# (Another) question on US tax compliance issues



## KeithCAN1 (Mar 26, 2013)

Bev and others - Thanks for all the great advice here. I'm in a similar situation as many. Moved from the US when a young adult and lived here in Canada for many many years. Back then, I was told by someone that all I needed to file my income from my job. Information was hard to get back them (internet was not so developed) so that is all I did. I have some small time accountant back in the US referred to me by a friend file my T4 from my employer. Stupid me, I never checked again what I had to do. I focused just on Canadian taxes. Well after many many years I started to gain some wealth and now I have several assets (few savings accounts, pensions, RRSP, TSFA, etc). Never declared.
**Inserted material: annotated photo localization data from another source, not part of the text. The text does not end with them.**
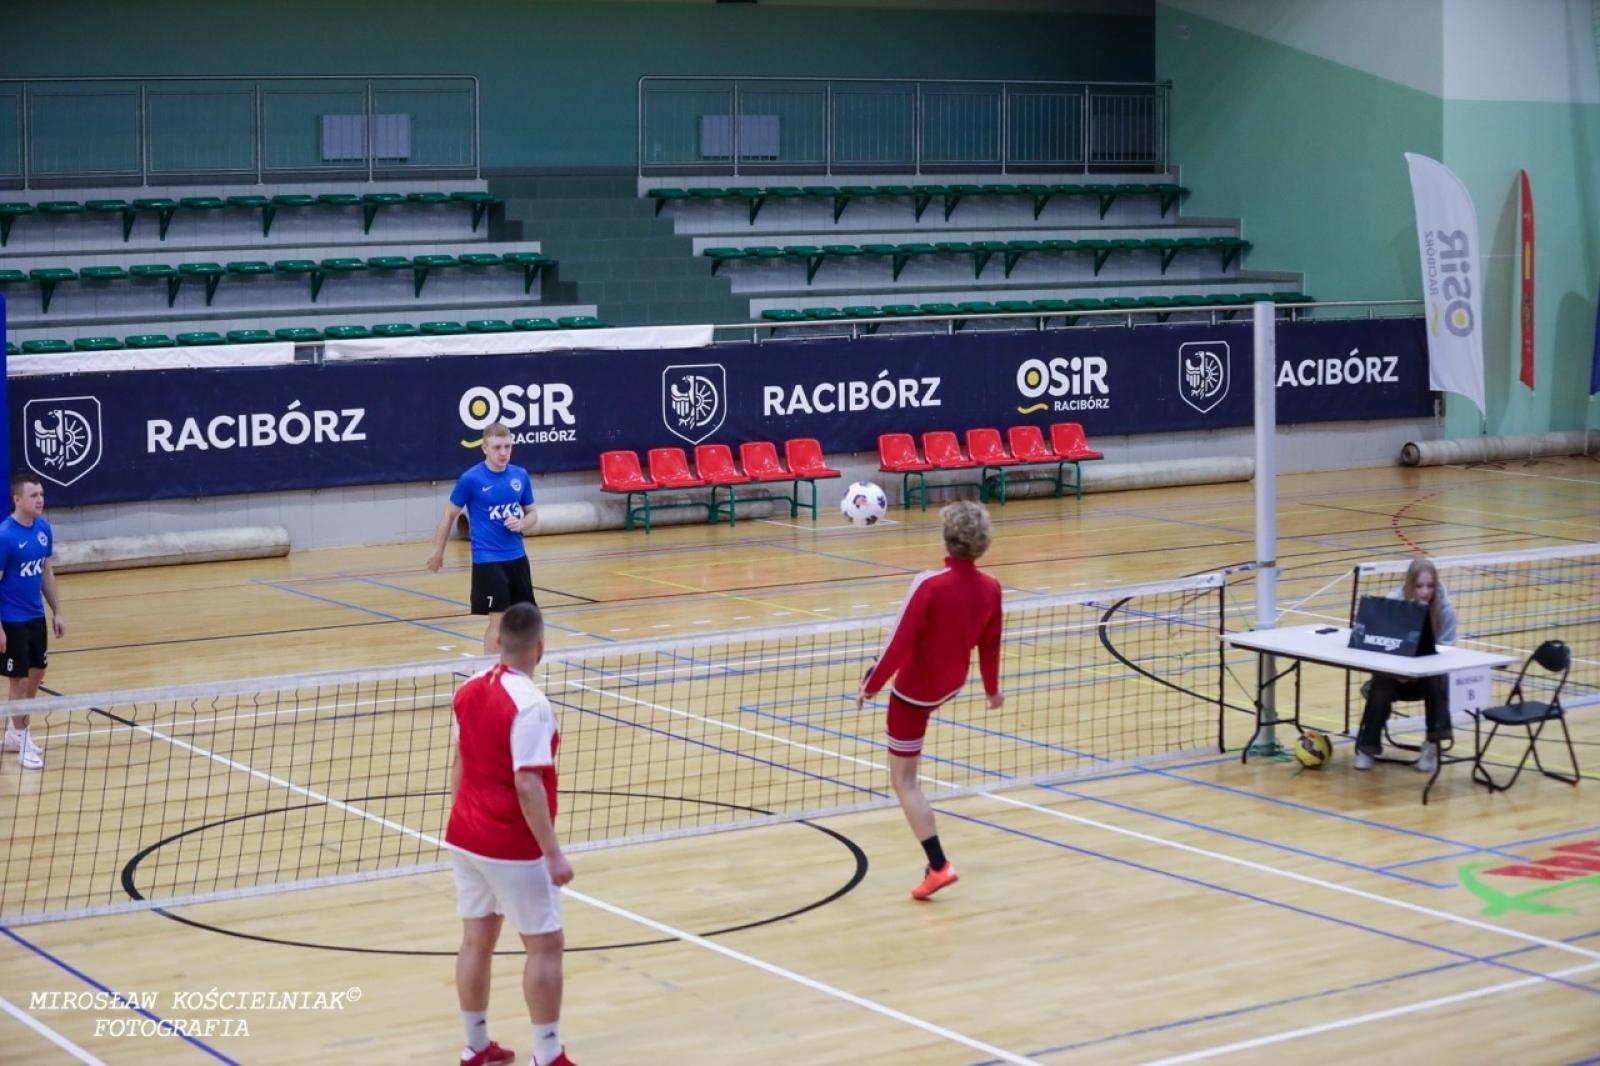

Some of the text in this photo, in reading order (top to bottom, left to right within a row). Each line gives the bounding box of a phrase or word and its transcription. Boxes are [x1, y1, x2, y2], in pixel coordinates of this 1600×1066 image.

[1016, 356, 1109, 398] OSiR
[1274, 348, 1399, 387] ACIBÓRZ
[459, 383, 576, 430] OSiR
[763, 369, 941, 416] RACIBÓRZ
[1054, 396, 1109, 411] RACIBÓRZ
[147, 400, 367, 453] RACIBÓRZ
[20, 558, 45, 577] KK
[486, 596, 493, 608] 7
[7, 658, 13, 671] 6
Hence my panic when I FINALLY learned about how taxes really work. I am way behind in FBARs, FATCA and delinquent returns. While in Canada, the streamlined process doesn't work for me since it applies to people who never filed in the past 3 years. I did. Also because I have made some investment income, chances are I have some back taxes to pay. 

I've read about people just going ahead and filing amendments (1040x) and past FBARs/FACTAs for 6 years. It sounds like those people were pretty "clean" less assets and owed no tax. I'm tempted to go the OVDP path since I've read enough scare material and I think I fall into the "higher risk" category just because of the number of assets. 
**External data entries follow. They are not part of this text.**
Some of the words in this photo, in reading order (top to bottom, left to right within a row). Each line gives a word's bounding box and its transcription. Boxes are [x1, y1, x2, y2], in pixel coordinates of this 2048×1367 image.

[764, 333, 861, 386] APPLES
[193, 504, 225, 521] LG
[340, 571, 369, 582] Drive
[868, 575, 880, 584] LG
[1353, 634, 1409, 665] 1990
Any advice is very welcome!

Thanks


----------



## Bevdeforges (Nov 16, 2007)

You're hardly the first overseas taxpayer to have gotten bad advice from tax accountants who should have known better (or at least looked it up). 
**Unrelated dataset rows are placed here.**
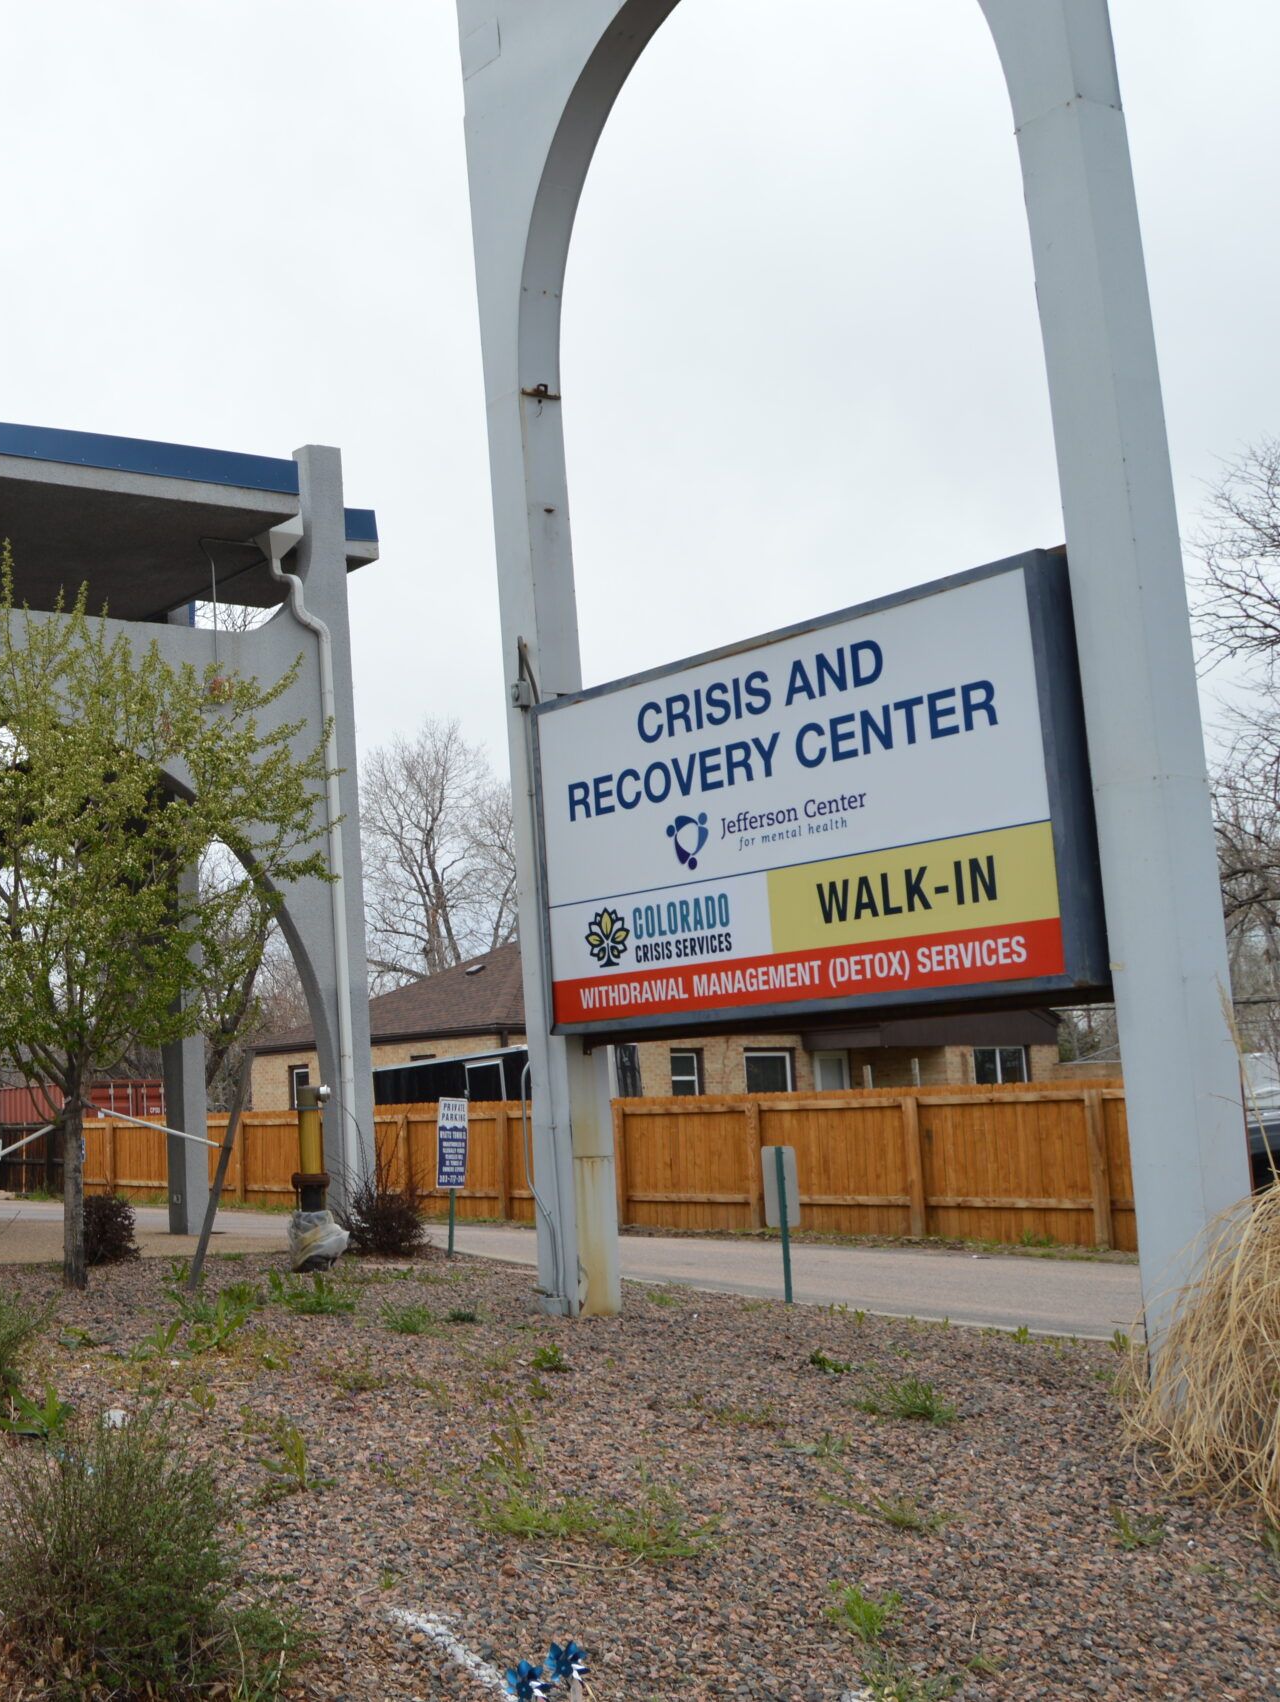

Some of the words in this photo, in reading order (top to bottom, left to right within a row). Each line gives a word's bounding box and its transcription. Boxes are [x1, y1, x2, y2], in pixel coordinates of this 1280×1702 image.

[637, 670, 772, 744] CRISIS
[785, 639, 884, 707] AND
[567, 731, 781, 822] RECOVERY
[795, 679, 999, 769] CENTER
[721, 806, 799, 840] Jefferson
[804, 792, 867, 818] Center
[738, 835, 756, 851] for
[761, 826, 802, 844] mental
[808, 816, 848, 835] health
[816, 855, 998, 924] WALK-IN
[632, 893, 731, 940] COLORADO
[635, 940, 673, 963] CRISIS
[675, 932, 733, 958] SERVICES
[579, 976, 689, 1010] WITHDRAWAL
[692, 960, 822, 998] MANAGEMENT
[828, 949, 911, 988] (DETOX)
[917, 935, 1027, 974] SERVICES
[442, 1113, 466, 1122] PARKING
[444, 1103, 465, 1112] PRIVATE
Without knowing more about your specific situation, it would be difficult to advise on the OVDP stuff, but first of all, file those amended returns asap. Unless you've been willfully neglecting to file the FBARs and FATCA forms, I'd just go ahead and back file those for 6 years and see what happens. Include a note explaining that you got bad tax advice years ago and have only just recently become aware of the requirements. 

They are after the big time tax cheats, and while you may have to pay some interest on any taxes you owe in prior years, they may just accept your back filings and be done with it. Depends on lots of things, but even the IRS has limited resources these days and they do tend to focus their efforts on big time fraudulent tax payers (of which there are plenty out there). 

If they do come back asking for penalties, you can always try the Taxpayer Advocate.
Cheers,
Bev


----------



## KeithCAN1 (Mar 26, 2013)

Thanks Bev for the reply. 
I think I will file those 1040x, FBAR and FATCA fourms (or find an accountant that can do it). I'm hoping I can prove to the IRS that I meant no harm at all. I'll state that I did not receive any input or advice from my accountant and I noticed that he even didn't use some of the best forms for me to reduce my taxes (I think I may have paid more taxes in some of my old returns than I needed to).

I'm just hoping when they add everything up, that I'm not considered to have too much assets. I mean I don't have crazy millions but I have just enough that I have to file a FATCA forum (at least for the past 2 years).

Thanks a bunch Bev.


----------